* How to complete this task: Reproduce every line of the data, exactly and without its pictures.

-- The input follows --

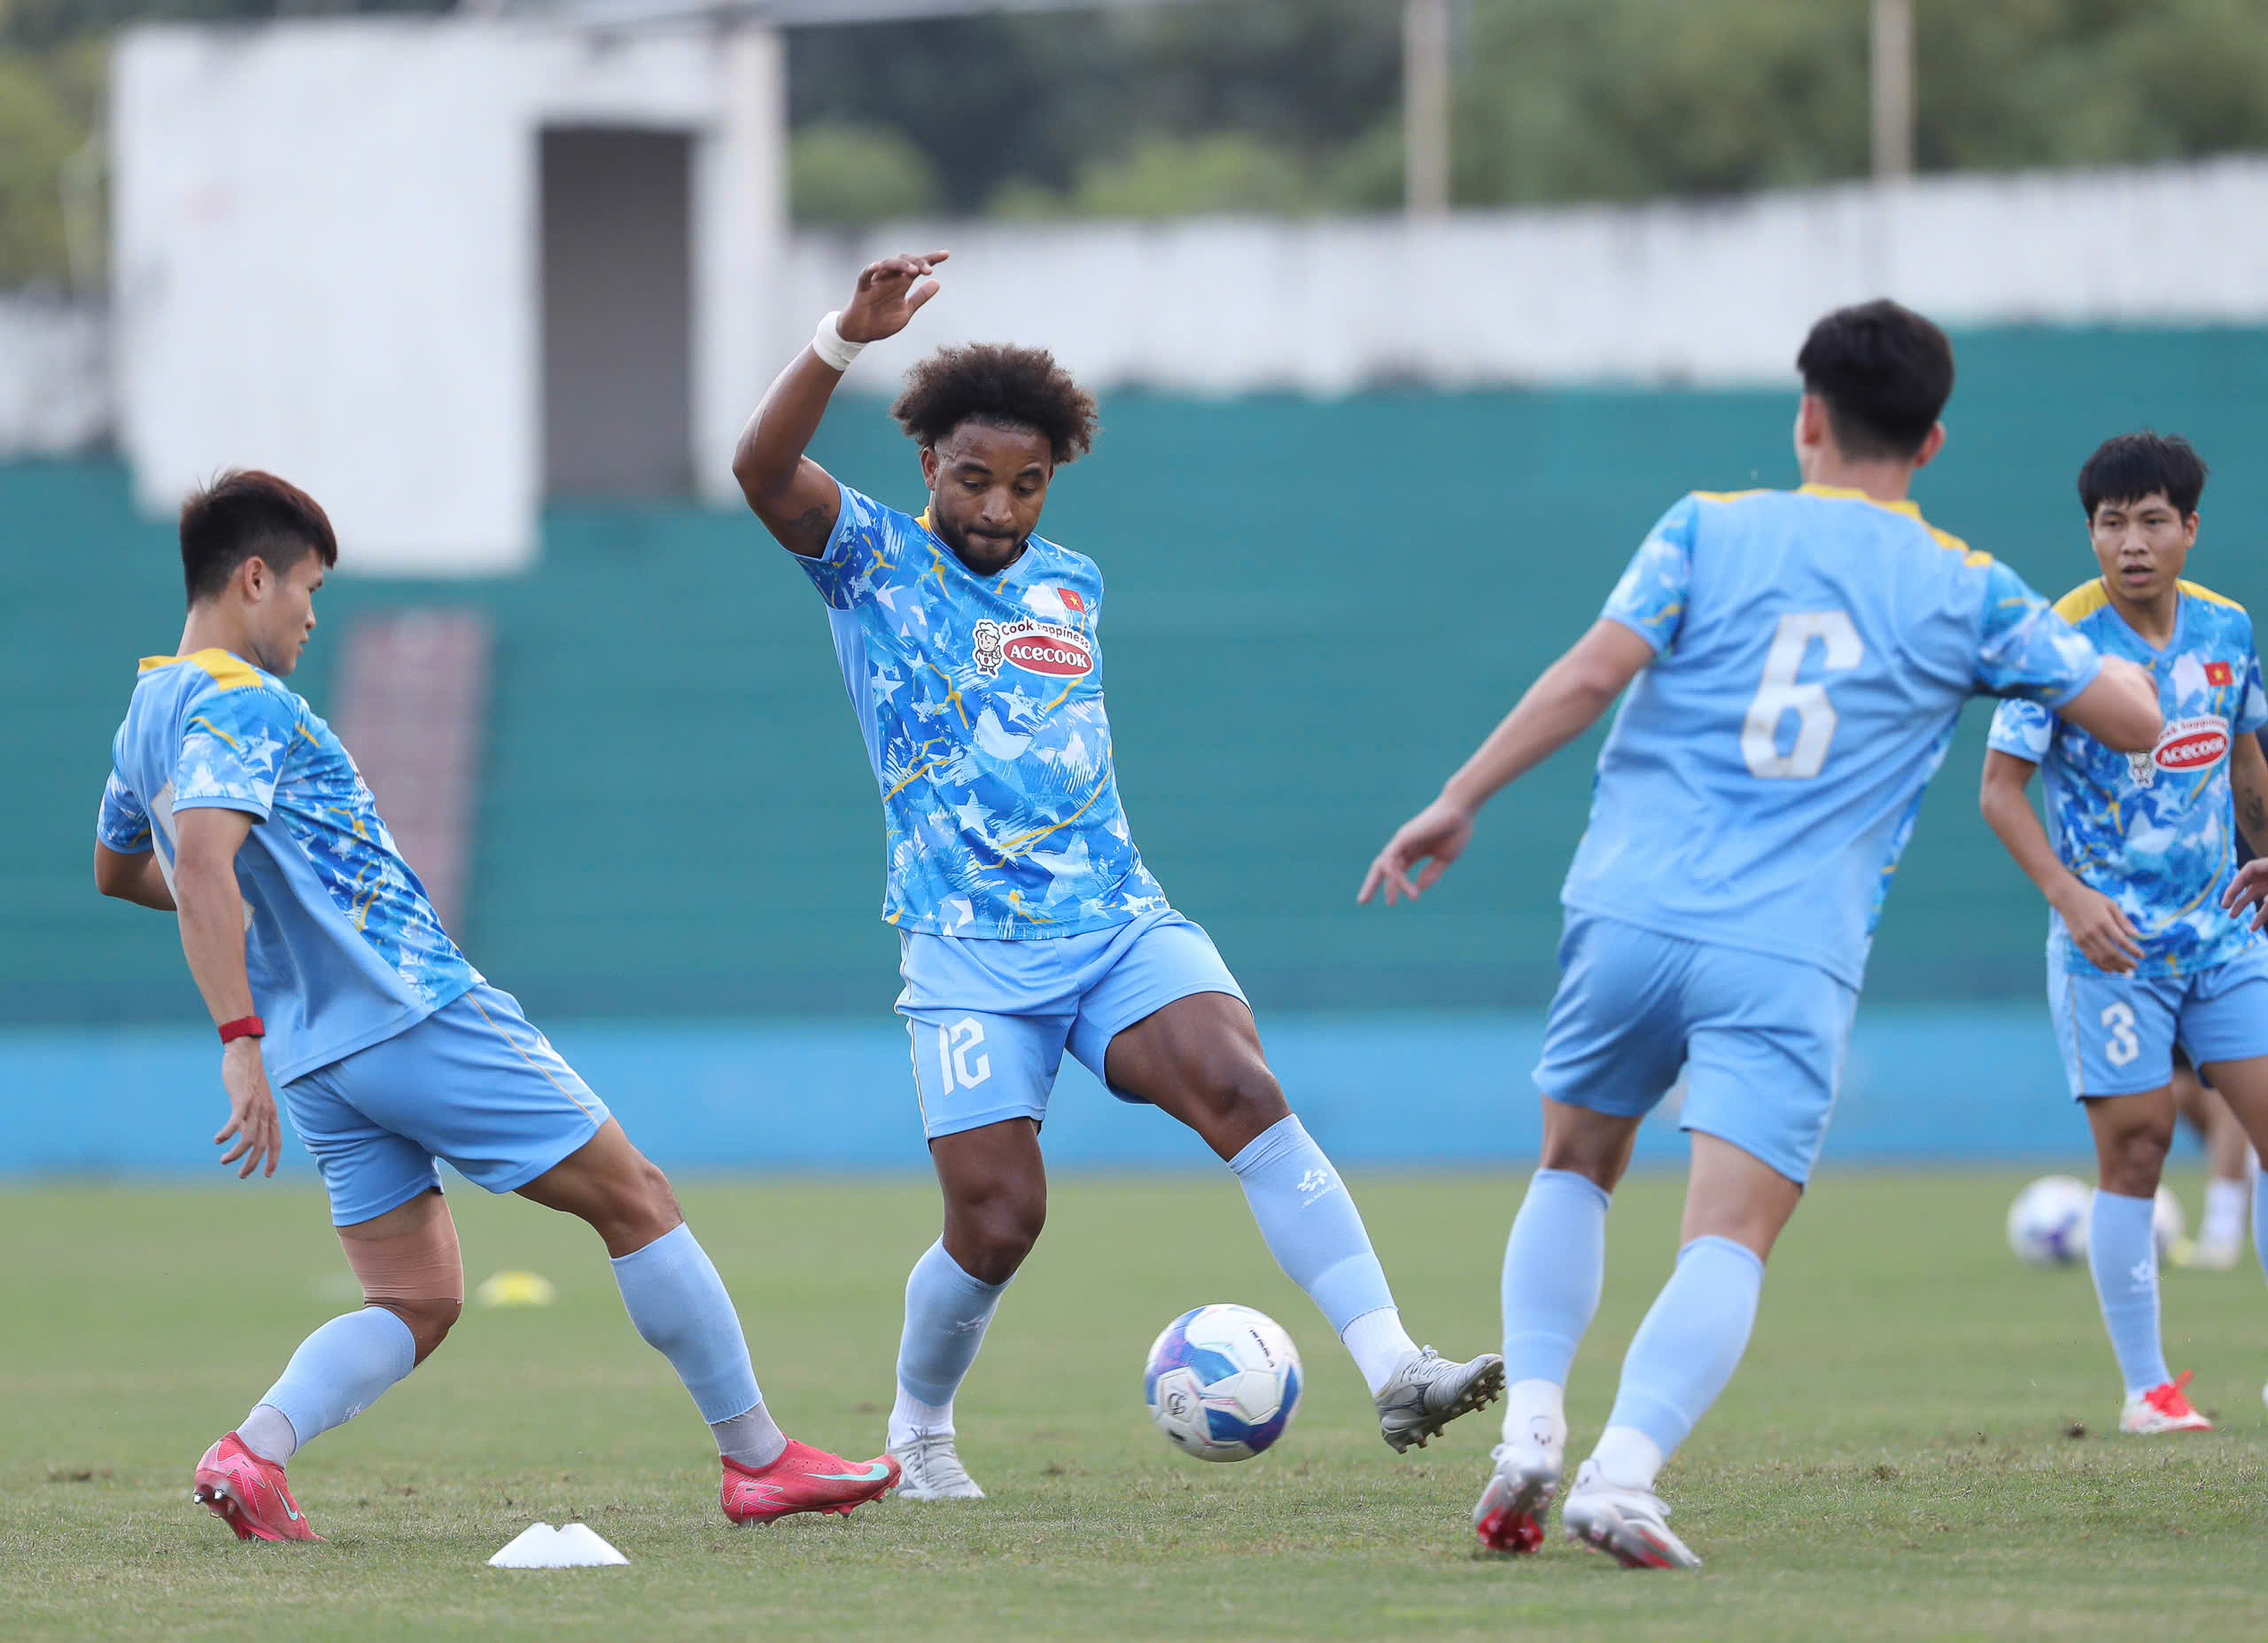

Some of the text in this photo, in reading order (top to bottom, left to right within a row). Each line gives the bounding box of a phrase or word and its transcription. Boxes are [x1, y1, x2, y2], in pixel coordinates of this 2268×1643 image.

[1002, 619, 1034, 635] Cook
[1741, 609, 1865, 779] 6
[939, 1016, 992, 1098] 12
[2101, 1001, 2140, 1066] 3

-- The input concluded --

* Reply to the exercise:
Some of the text in this photo, in reading order (top to bottom, left to right within a row). Each line gives the bounding box of a phrase or word and its transcription. Boxes are [x1, y1, x2, y2], in pixel coordinates of this 2268×1643 image.

[1002, 619, 1034, 635] Cook
[1741, 609, 1865, 779] 6
[939, 1016, 992, 1098] 12
[2101, 1001, 2140, 1066] 3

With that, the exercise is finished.